To do >>
Every line from the one containing "this 2212×1659 image." through the last line below should be reproduced exactly; please include nothing else.

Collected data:

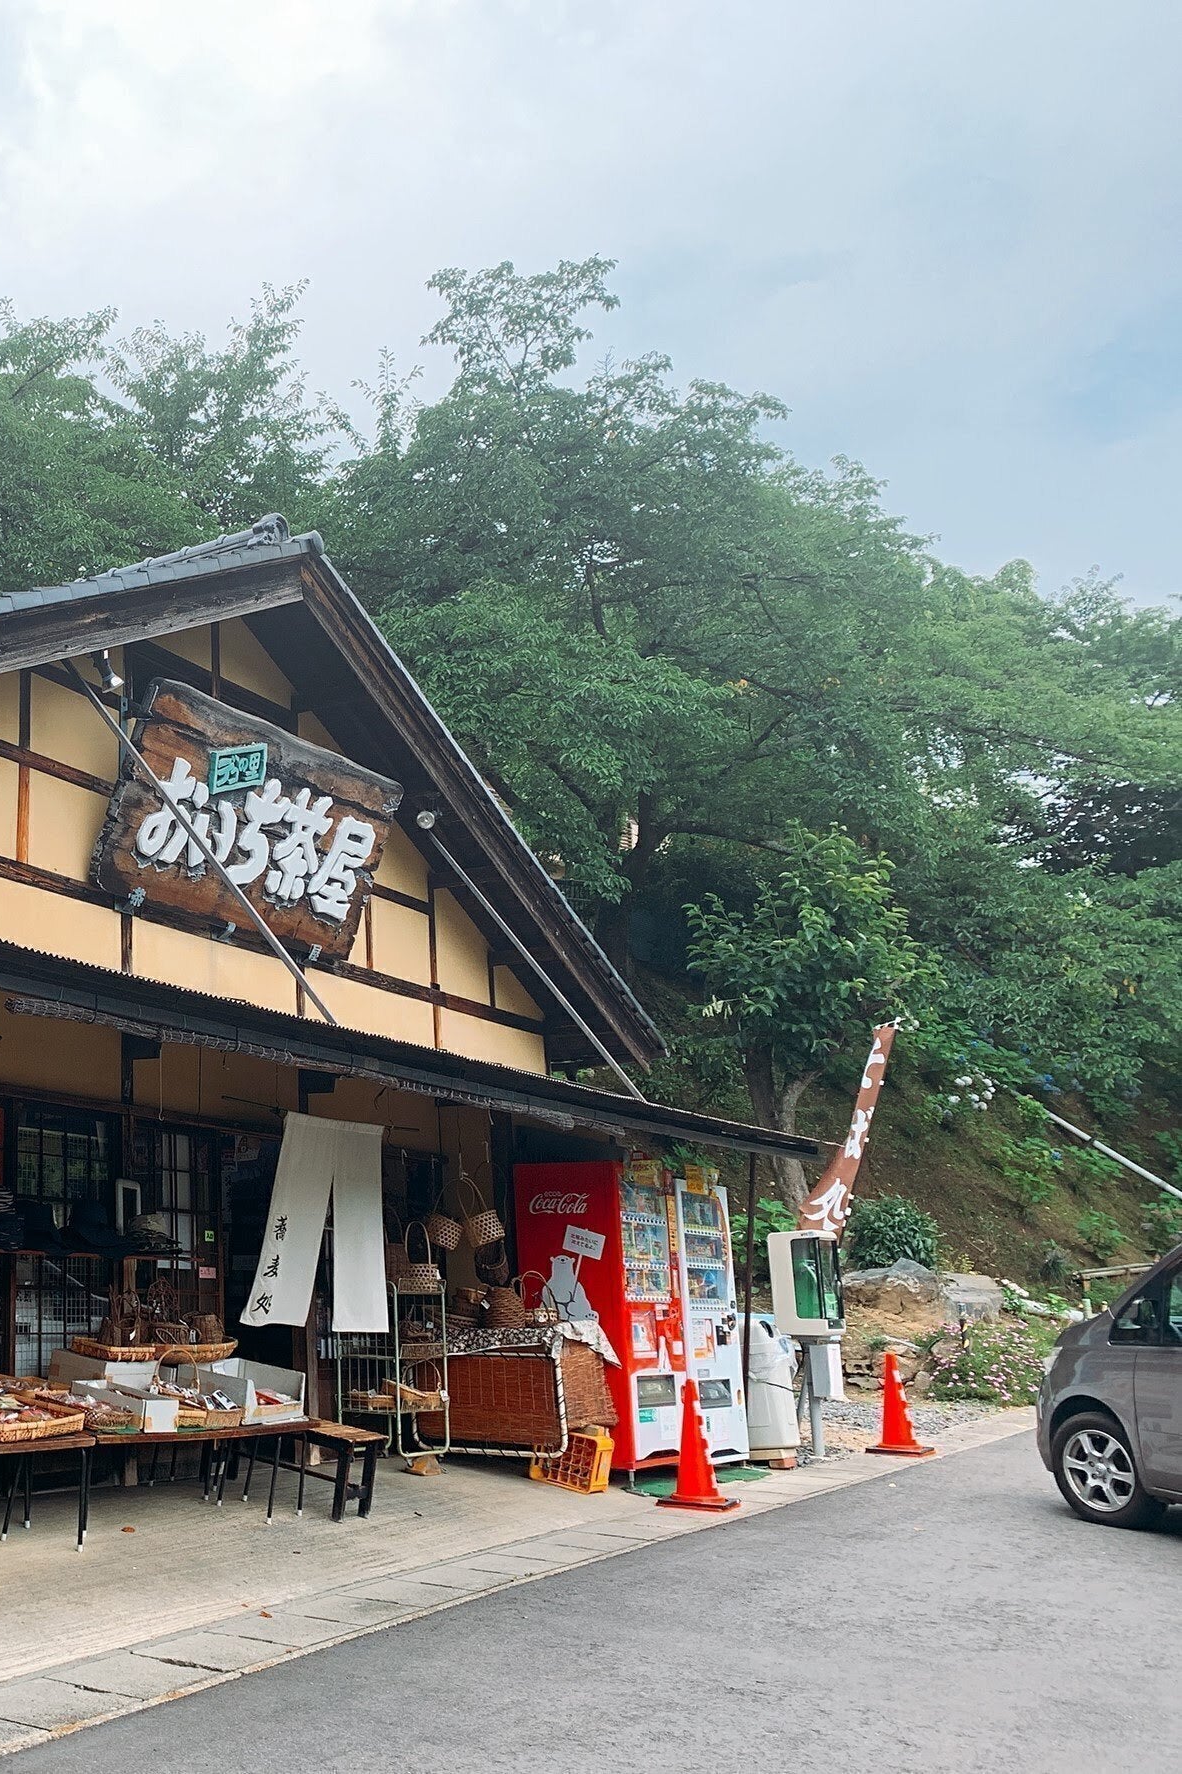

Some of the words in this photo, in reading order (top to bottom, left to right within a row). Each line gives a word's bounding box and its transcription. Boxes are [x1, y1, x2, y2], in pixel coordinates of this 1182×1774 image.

[137, 757, 375, 922] おいち茶屋
[529, 1192, 590, 1214] Coca-Cola
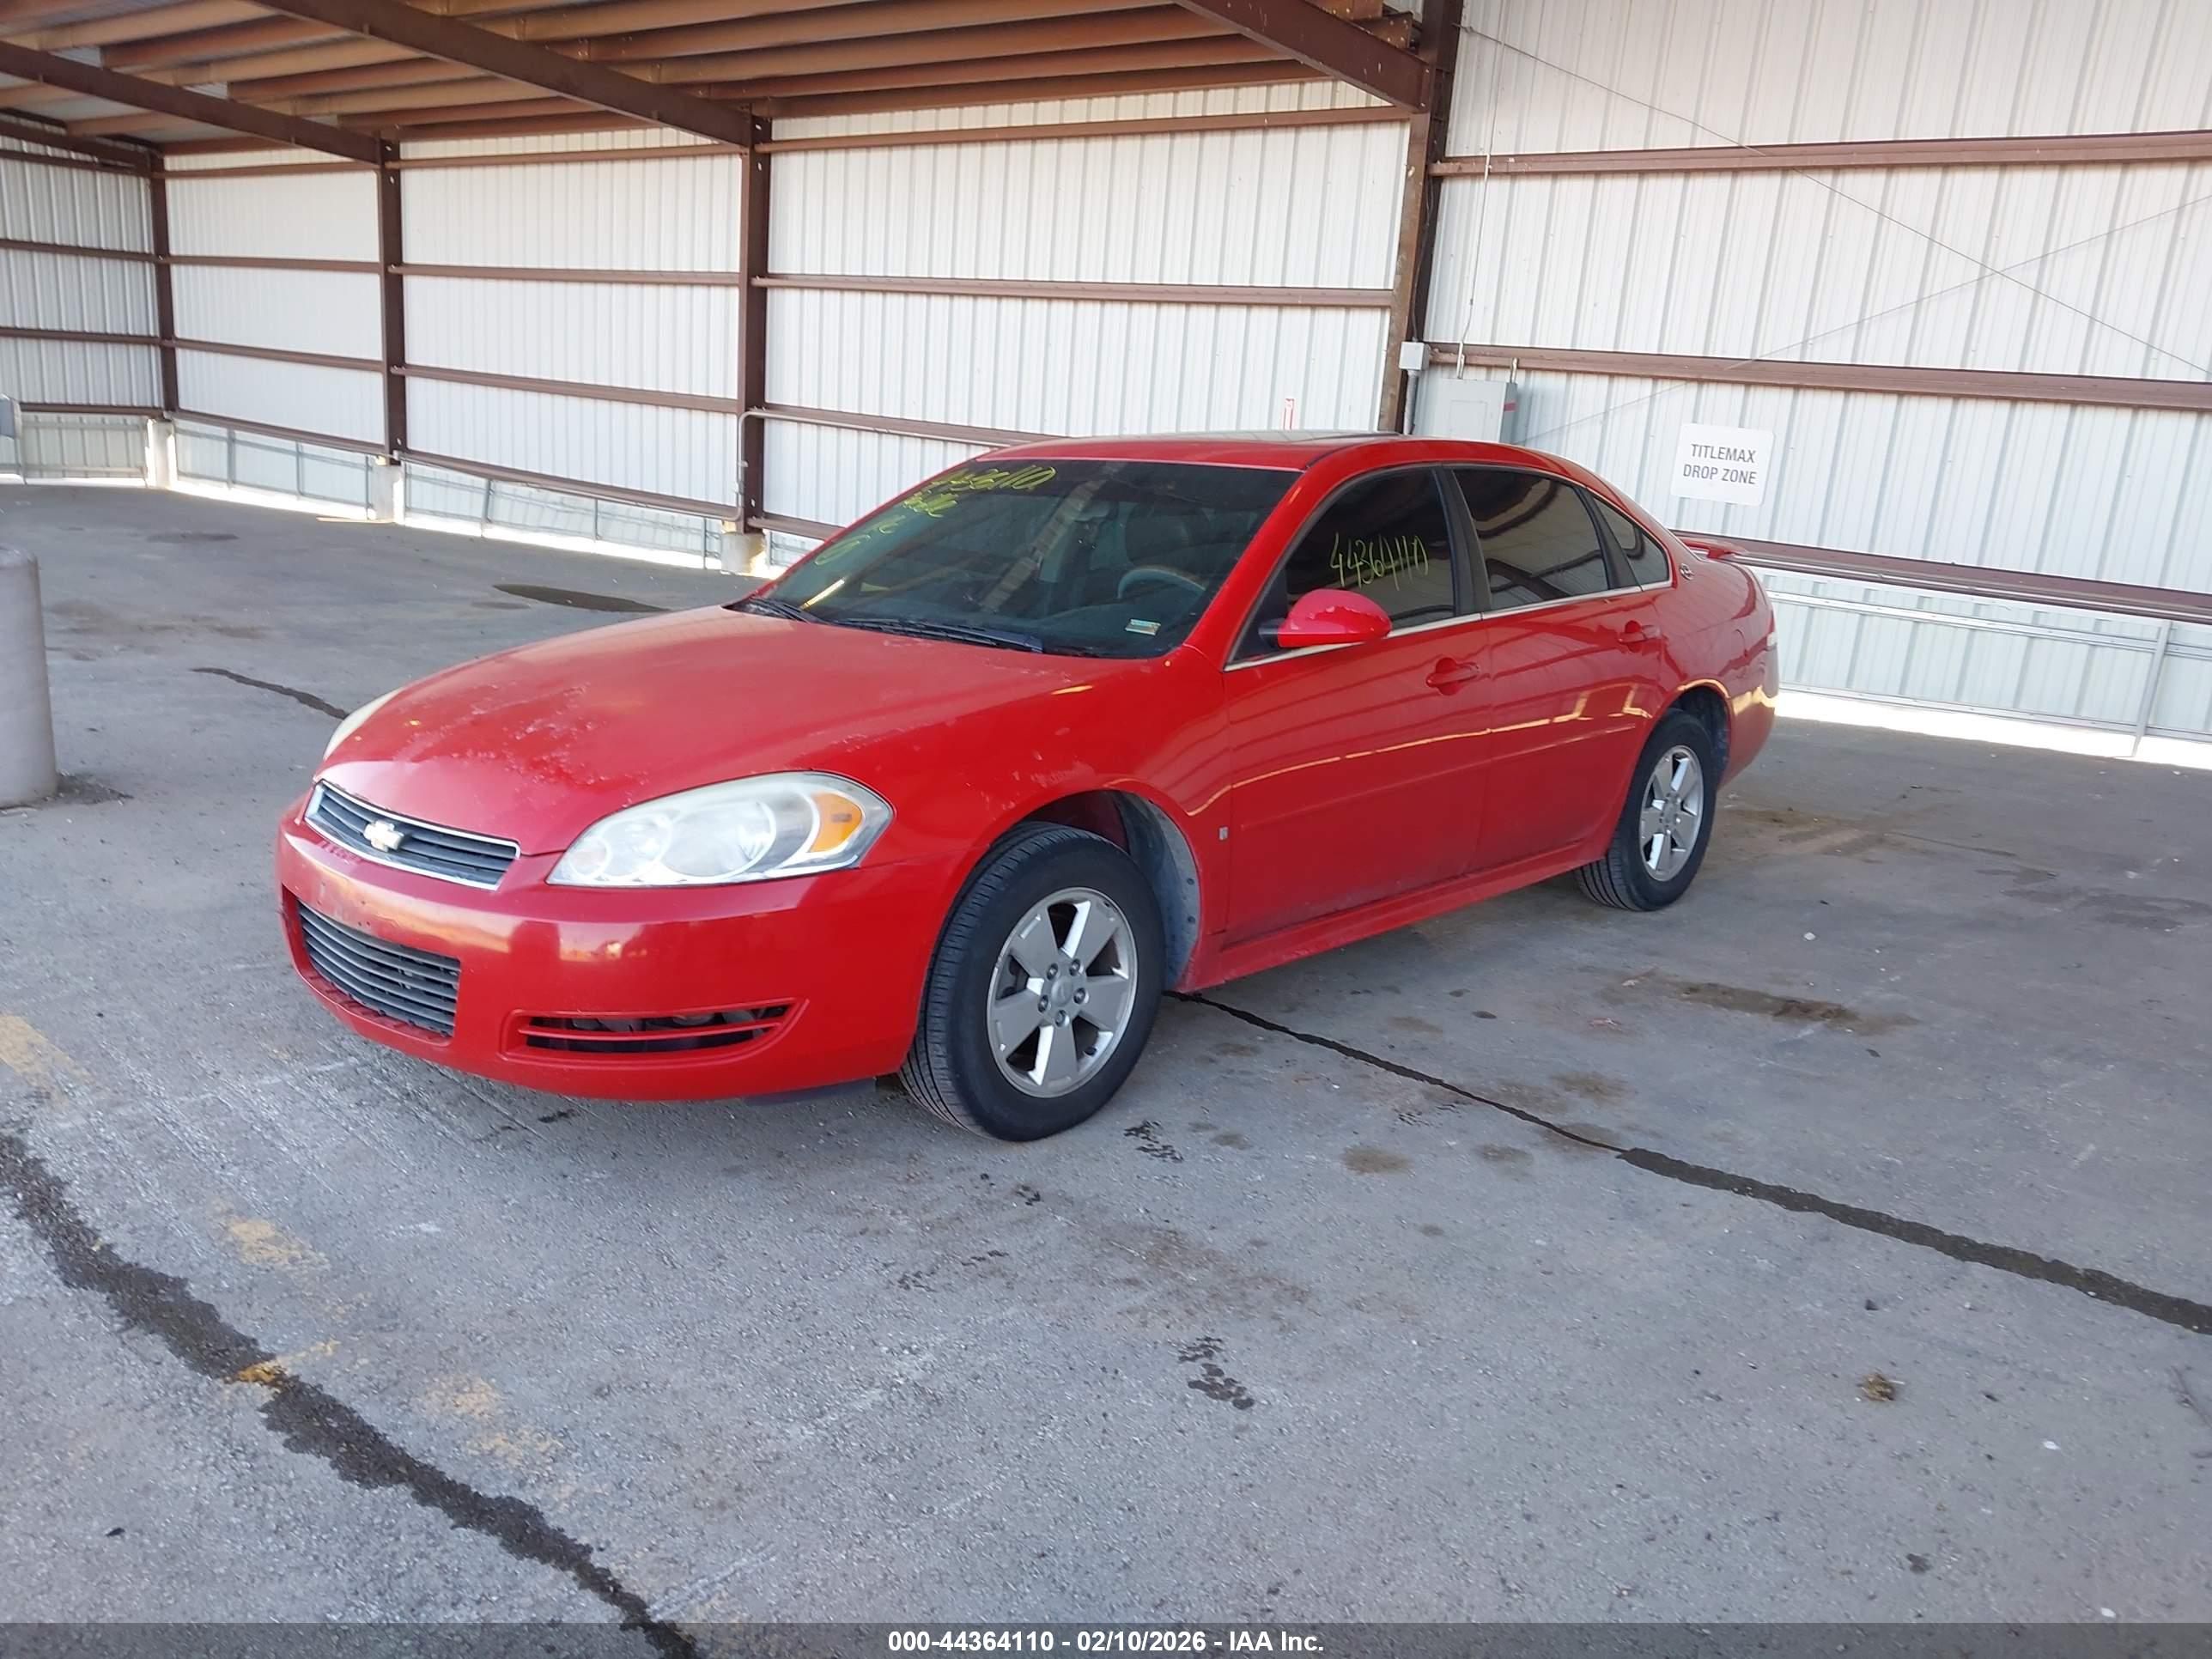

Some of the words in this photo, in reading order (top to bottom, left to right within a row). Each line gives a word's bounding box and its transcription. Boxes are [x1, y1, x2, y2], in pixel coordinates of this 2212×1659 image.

[1692, 444, 1756, 463] TITLEMAX
[1683, 464, 1718, 480] DROP
[1721, 468, 1758, 485] ZONE
[1330, 532, 1429, 592] 44364110

Solution to this exercise >>
Some of the words in this photo, in reading order (top to bottom, left to right within a row). Each line gives a word's bounding box and its transcription. Boxes are [x1, y1, x2, y2], in pixel coordinates of this 2212×1659 image.

[1692, 444, 1756, 463] TITLEMAX
[1683, 464, 1718, 480] DROP
[1721, 468, 1758, 485] ZONE
[1330, 532, 1429, 592] 44364110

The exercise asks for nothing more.